Эдит Лэйтон - Гордое сердце
- А со мной - нет! - рассердился Драмм. - И я вовсе не собираюсь поступать правильно. Я никогда не делаю того, чего не хочу. Я пришел просить твоей руки, потому что люблю тебя. Ни больше, ни меньше. Я решил, что ты испытываешь ко мне то же самое. - Он нахмурился. - Я не должен был повышать голос, прости меня, - пробормотал он. - Я в этом деле новичок. Знаешь, о чем я думал, когда считал, что мы можем погибнуть? - спросил Драмм, вглядываясь в ее глаза. - О тебе, только о тебе. Ты занимала все мои мысли и чувства с тех пор, как мы встретились. Если бы вчера я был один, то мог бы освободиться быстрее. Я был превосходным агентом и заслужил награды. Теперь я понимаю, что человеку легко быть храбрым, когда ему нечего терять. Но я не мог действовать, когда там была ты. Меня трясло от мысли, что я могу тебя потерять. Я чуть не сошел с ума, представив, что может с тобой произойти. Он взял ее руки в свои и держал, не сводя с нее глаз.

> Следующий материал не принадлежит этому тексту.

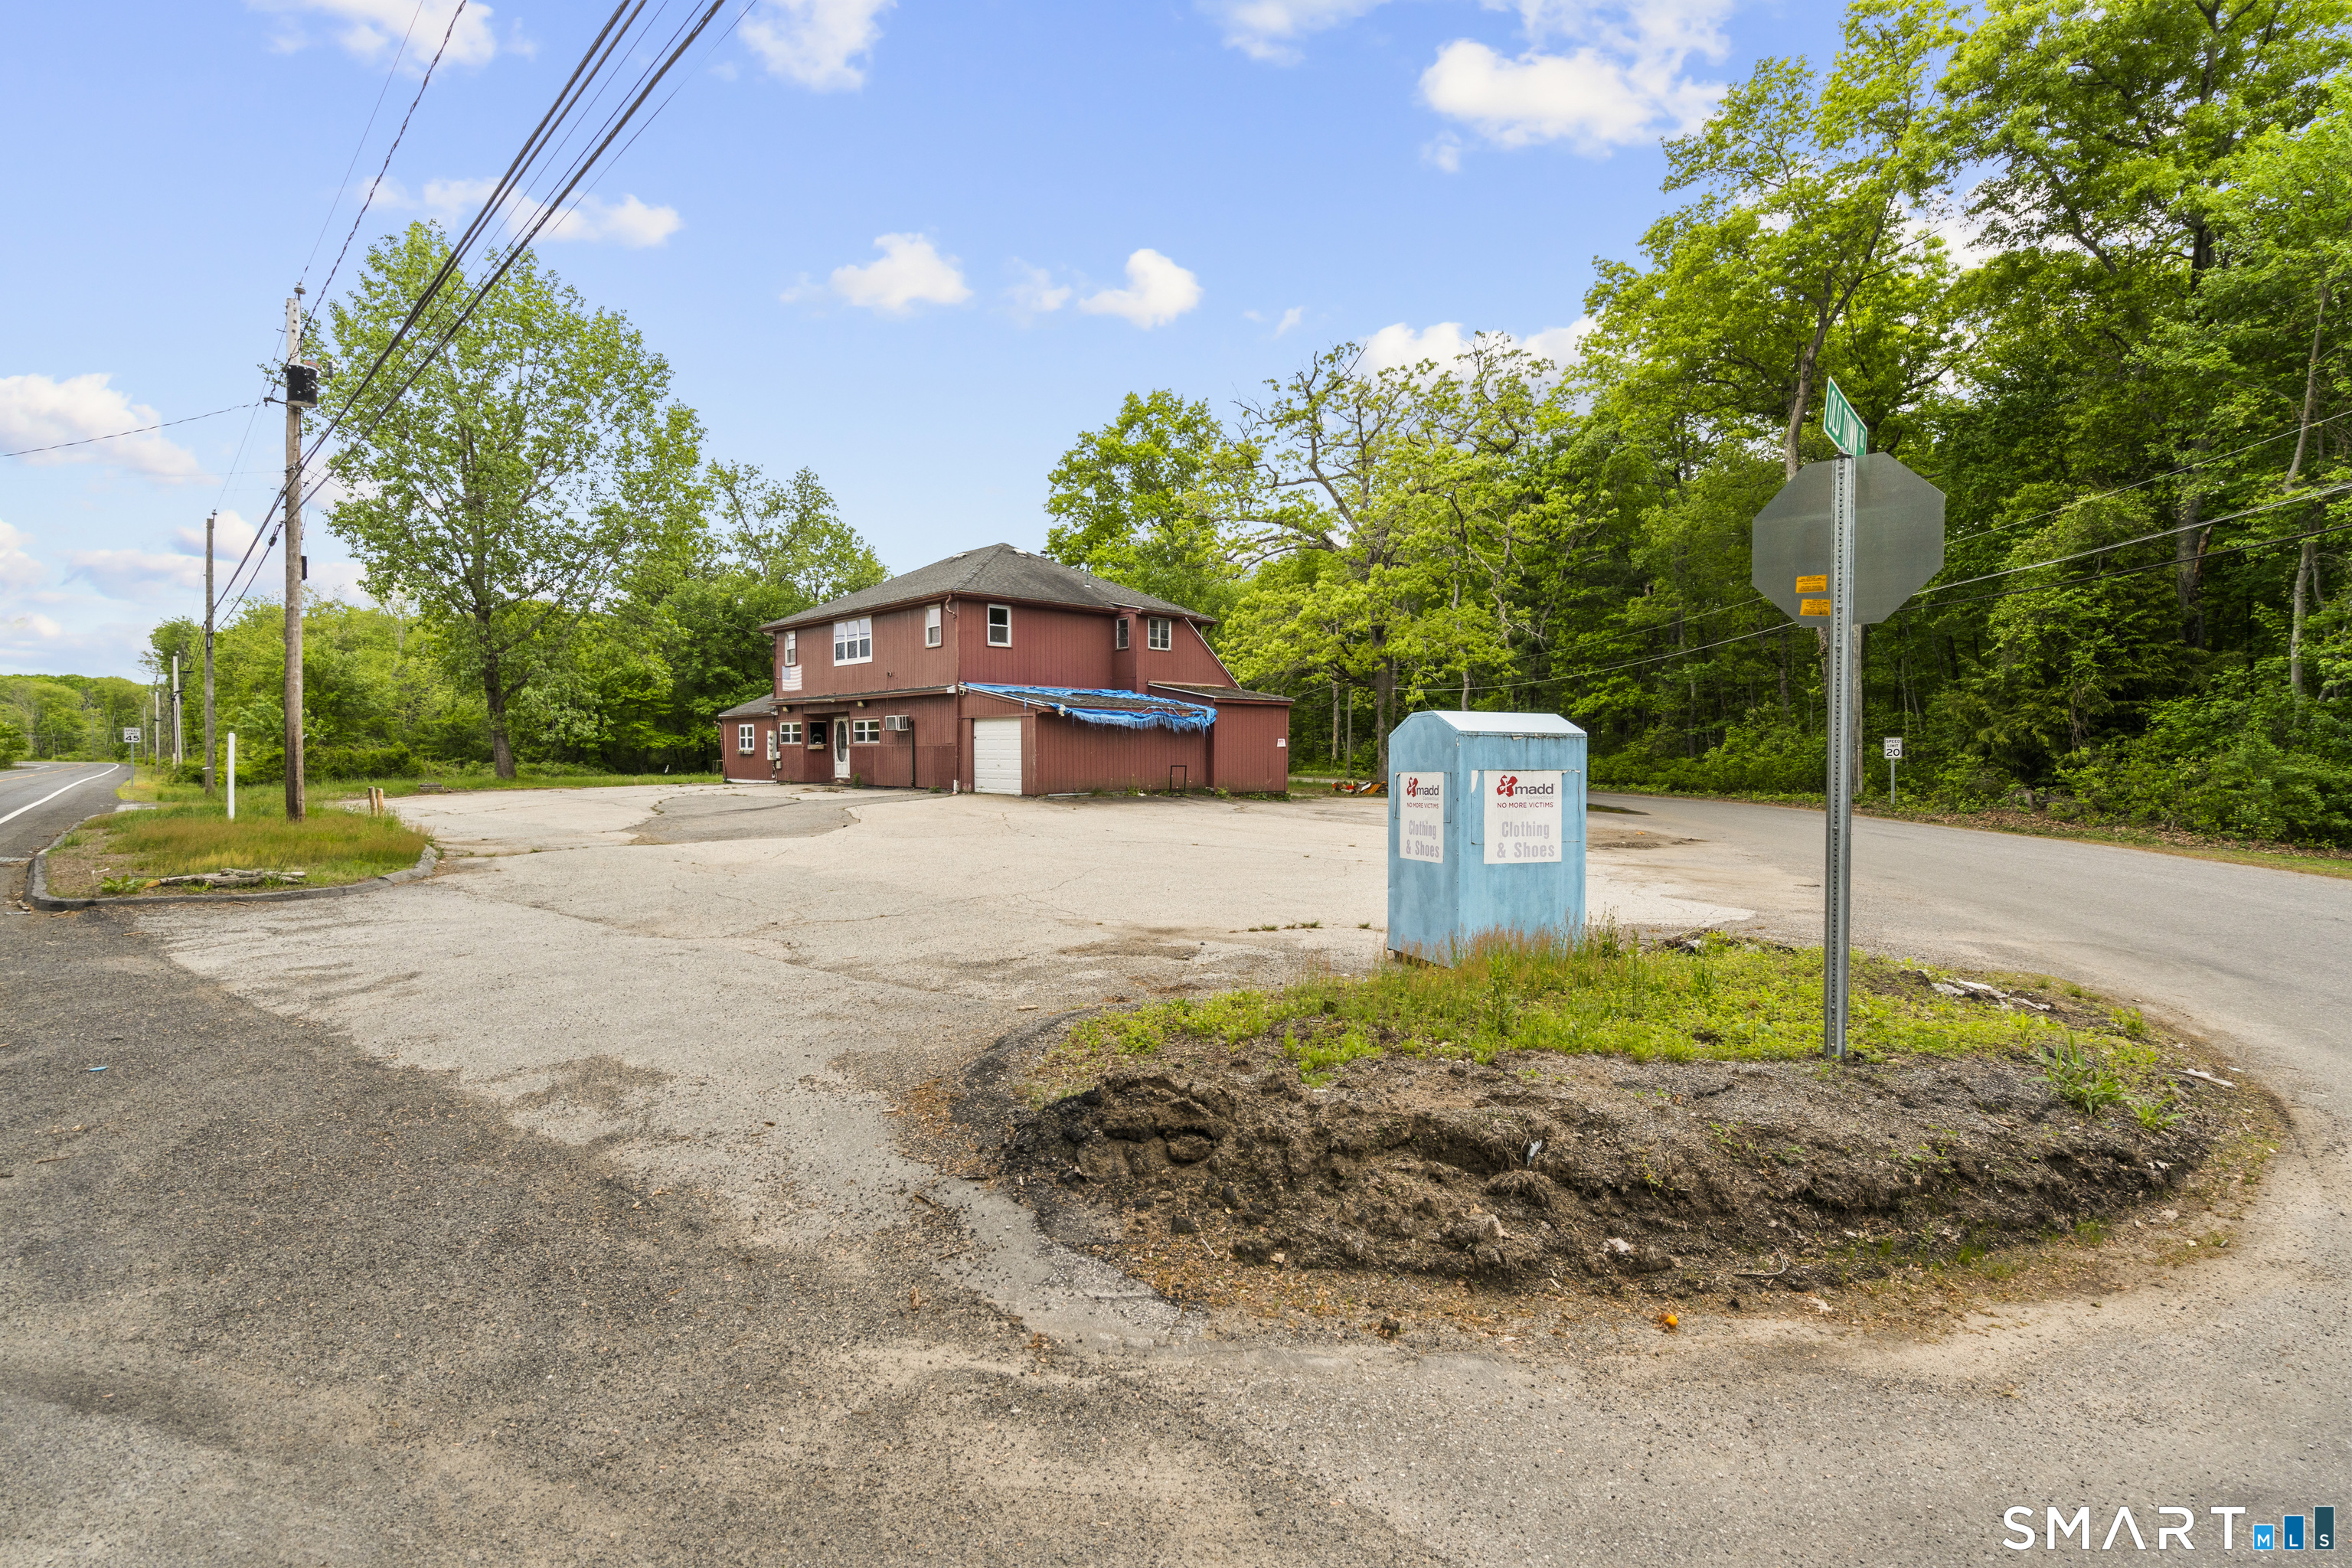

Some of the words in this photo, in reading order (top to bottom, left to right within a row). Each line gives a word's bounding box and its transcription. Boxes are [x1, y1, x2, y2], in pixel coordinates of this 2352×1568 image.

[1828, 390, 1842, 437] OLD
[1842, 407, 1859, 457] TOWN
[1416, 785, 1439, 795] madd
[1515, 783, 1554, 795] madd
[1409, 819, 1436, 840] Clothing
[1501, 821, 1550, 840] Clothing
[1406, 839, 1412, 854] &
[1415, 840, 1439, 858] Shoes
[1497, 842, 1507, 858] &
[1514, 841, 1555, 858] Shoes
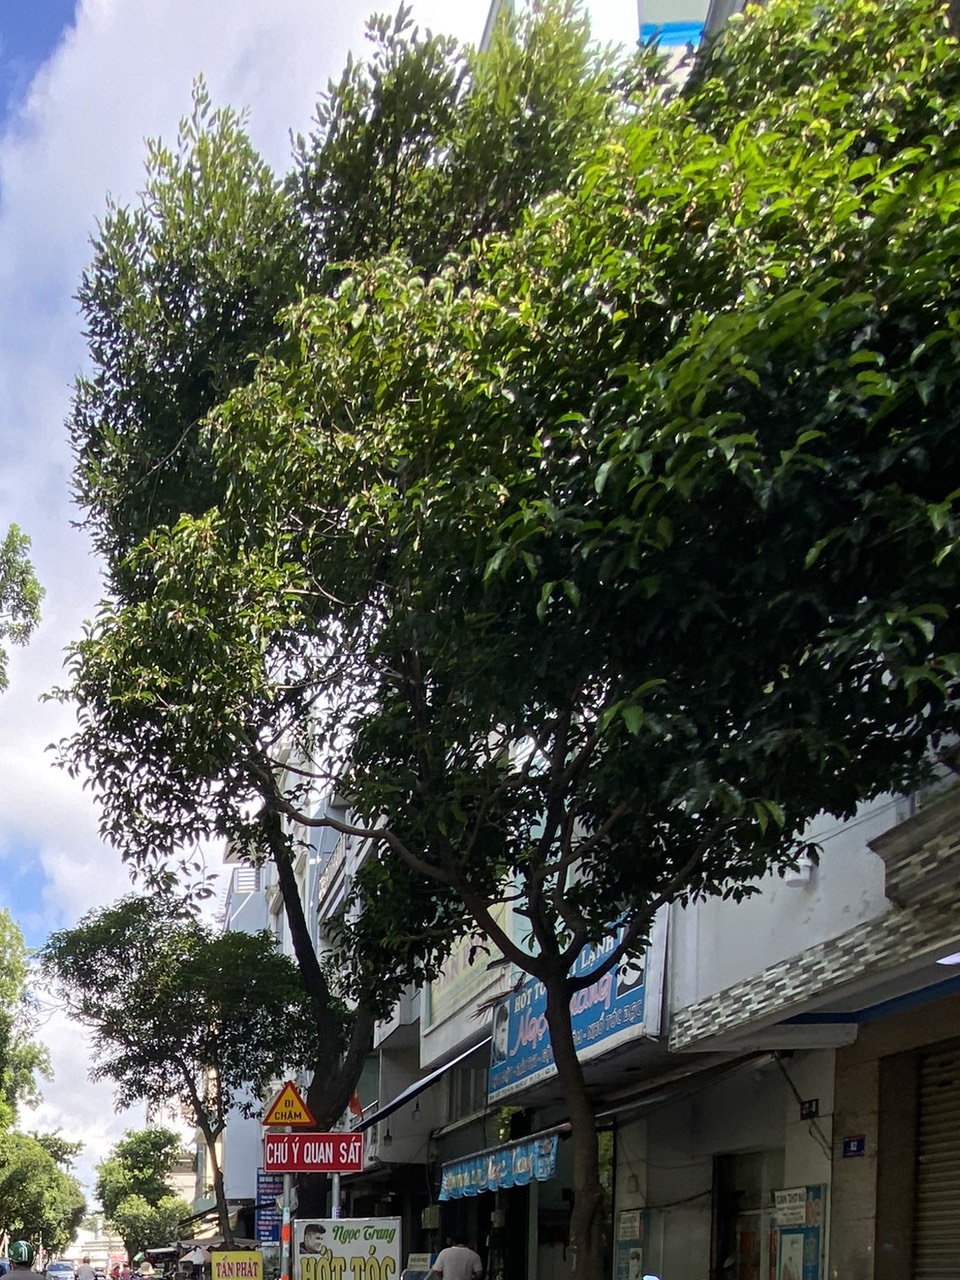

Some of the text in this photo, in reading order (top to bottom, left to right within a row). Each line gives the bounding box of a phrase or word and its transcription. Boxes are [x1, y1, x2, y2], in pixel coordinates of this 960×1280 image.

Что-то в ее лице заставило его сурово выдвинуть подбородок. Его голос зазвучал резко: Посмотри, что ты сделала! Ты вернула меня к жизни и не можешь теперь бросить. Я проснулся сегодня утром и чуть не до смерти напугал бедного Граймза. Я пел, когда умывался. Да что там пел! Я готов был пуститься в пляс. Ты мне снилась, и я проснулся с мыслями о тебе, оделся и пришел к тебе, а ты говоришь, что уезжаешь. Нет, не уезжаешь! Если мне придется связать тебя так, как, по моим рассказам, поступил с тобой Фитч, я задержу тебя здесь до тех пор, пока не поведу к алтарю.
Ее губы дрожали от печали и от смеха.
- Не позволяй своей галантности разрушить тебе жизнь, Ты не должен платить мне ничего, как в тот день, когда оставил мой дом. Это совсем необязательно, и это стоит дороже горсти золота.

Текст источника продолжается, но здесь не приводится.